O ponto aqui é outro. A reflexão aqui é mais profunda e transcende um
simples aplicativo de smartphone.
Todos somos, em princípio, a favor da livre concorrência. Quem não quer ter
ao seu dispor diversas opções de pães, bebidas, vestimentas, restaurantes,
carros, telefones, enfim, de qualquer produto ou serviço ofertado no mercado?
Quem seria contra isso? O problema surge quando a concorrência bate à nossa
porta, "roubando-nos" potenciais clientes. Aí tudo muda de figura. A partir
desse momento, a concorrência passa a ser negativa, nociva e contrária ao "bem
público".
Se tanto apreciamos a abundância de bens e serviços à disposição para nosso
consumo, por que lutamos ferozmente contra a abundância dos bens e serviços
produzidos no setor em que somos ofertantes? Não seria um paradoxo?
Se todos os produtores adotarem a mesma postura nos seus respectivos
mercados, reduziremos artificialmente a oferta de bens e serviços na economia.
No lugar de abundância, teremos escassez. O "direito de escolher" será inócuo,
pois não haverá alternativas. Será como as opções de refeições em um voo: sim
ou não.
A Uber incomoda porque qualquer concorrência incomoda. Quem compete no
mercado pelo mesmo cliente tem de se empenhar para proporcionar o melhor
serviço, o melhor atendimento, enfim, a melhor experiência ao cliente. Restringir
artificialmente, por decreto estatal, a oferta de algum serviço no mercado
jamais fará dele um produto de qualidade. O temor da concorrência impele os
ofertantes a buscarem a excelência. A concorrência repele a mediocridade.
Não são a regulamentação e as obrigações legais que elevarão a qualidade de
um serviço. A municipalidade pode coagir os taxistas a atuar dentro de diversos
parâmetros impostos desde cima, mas o que melhorará o serviço de fato é o medo
de "perder" o cliente, ou, dito de outra forma, a necessidade de "ganhá-lo"
todos os dias.
Isso foi precisamente o que aconteceu na cidade de Nova York, notória pelos táxis sujos com motoristas antipáticos.

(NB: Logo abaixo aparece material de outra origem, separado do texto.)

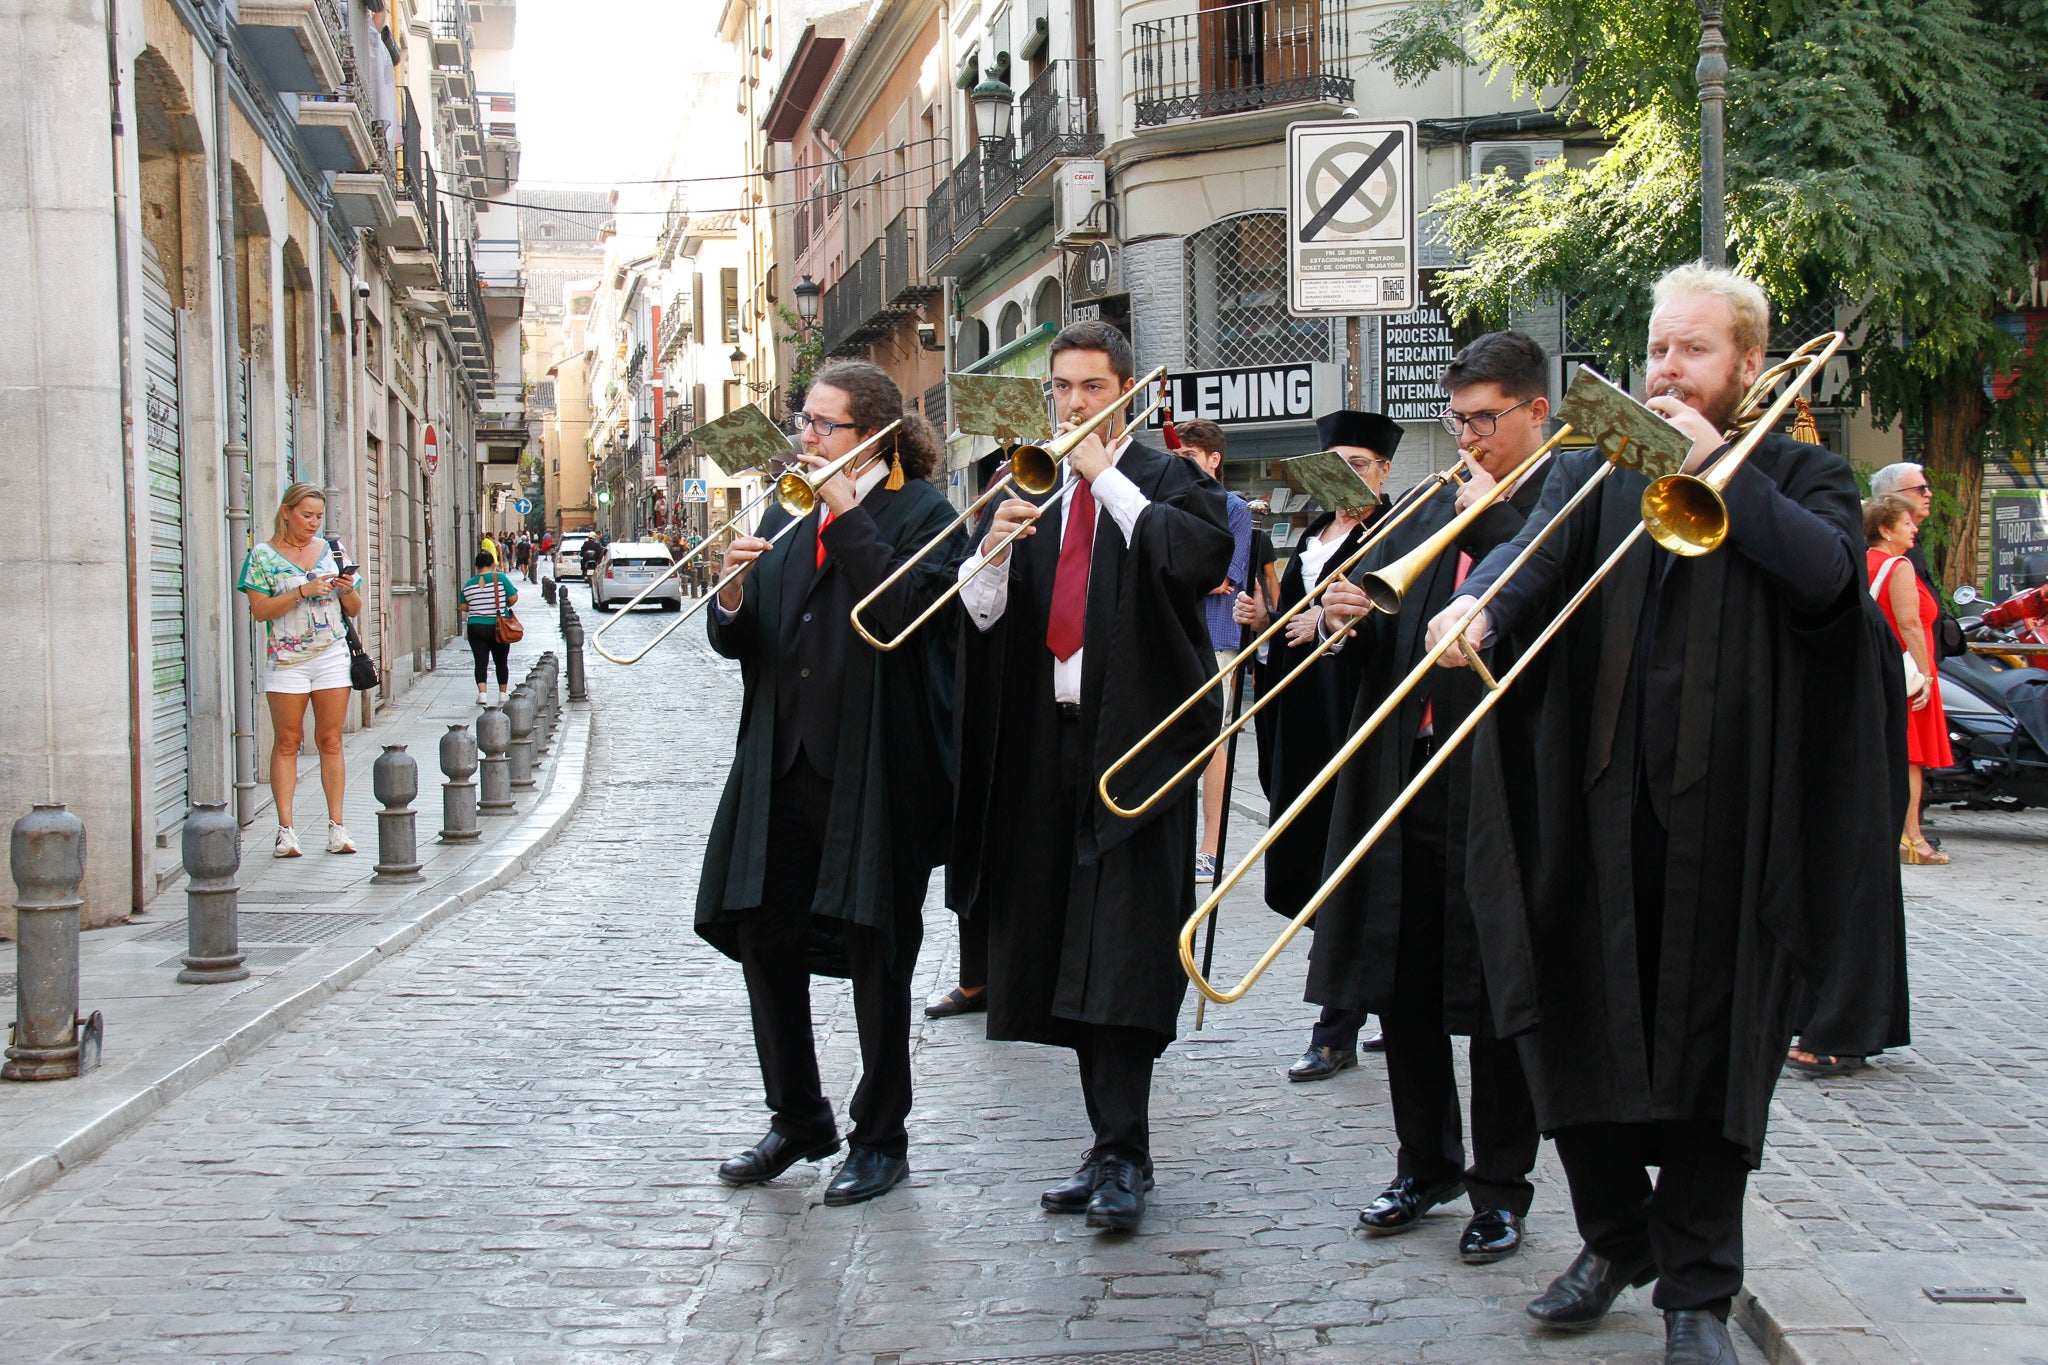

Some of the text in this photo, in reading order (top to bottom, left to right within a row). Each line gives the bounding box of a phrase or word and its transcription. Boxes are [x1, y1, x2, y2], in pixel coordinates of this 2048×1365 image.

"Não foram os reguladores da cidade que ordenaram que o serviço de táxi
melhorasse, foram os meros cidadãos de Nova York que preteriram os táxis em
favor de uma alternativa melhor."
Curiosamente, o resultado não-premeditado da atitude dos nova-iorquinos é
que o próprio serviço de táxi melhorou consideravelmente desde que Uber e
similares passaram a operar na cidade. O mesmo fenômeno está acontecendo nas cidades brasileiras.
Contudo, o desconforto não acomete apenas os produtores do mercado de
transporte individual. A Uber causa embaraço também nos entes públicos.
Porque o interessante sobre a questão dos aplicativos de carona paga é que,
em última instância, é imputado ao estado o ônus de justificar não apenas por
que a Uber tem de ser proibida, como também por que um serviço como o de táxi
precisa ter licença controlada pelo município.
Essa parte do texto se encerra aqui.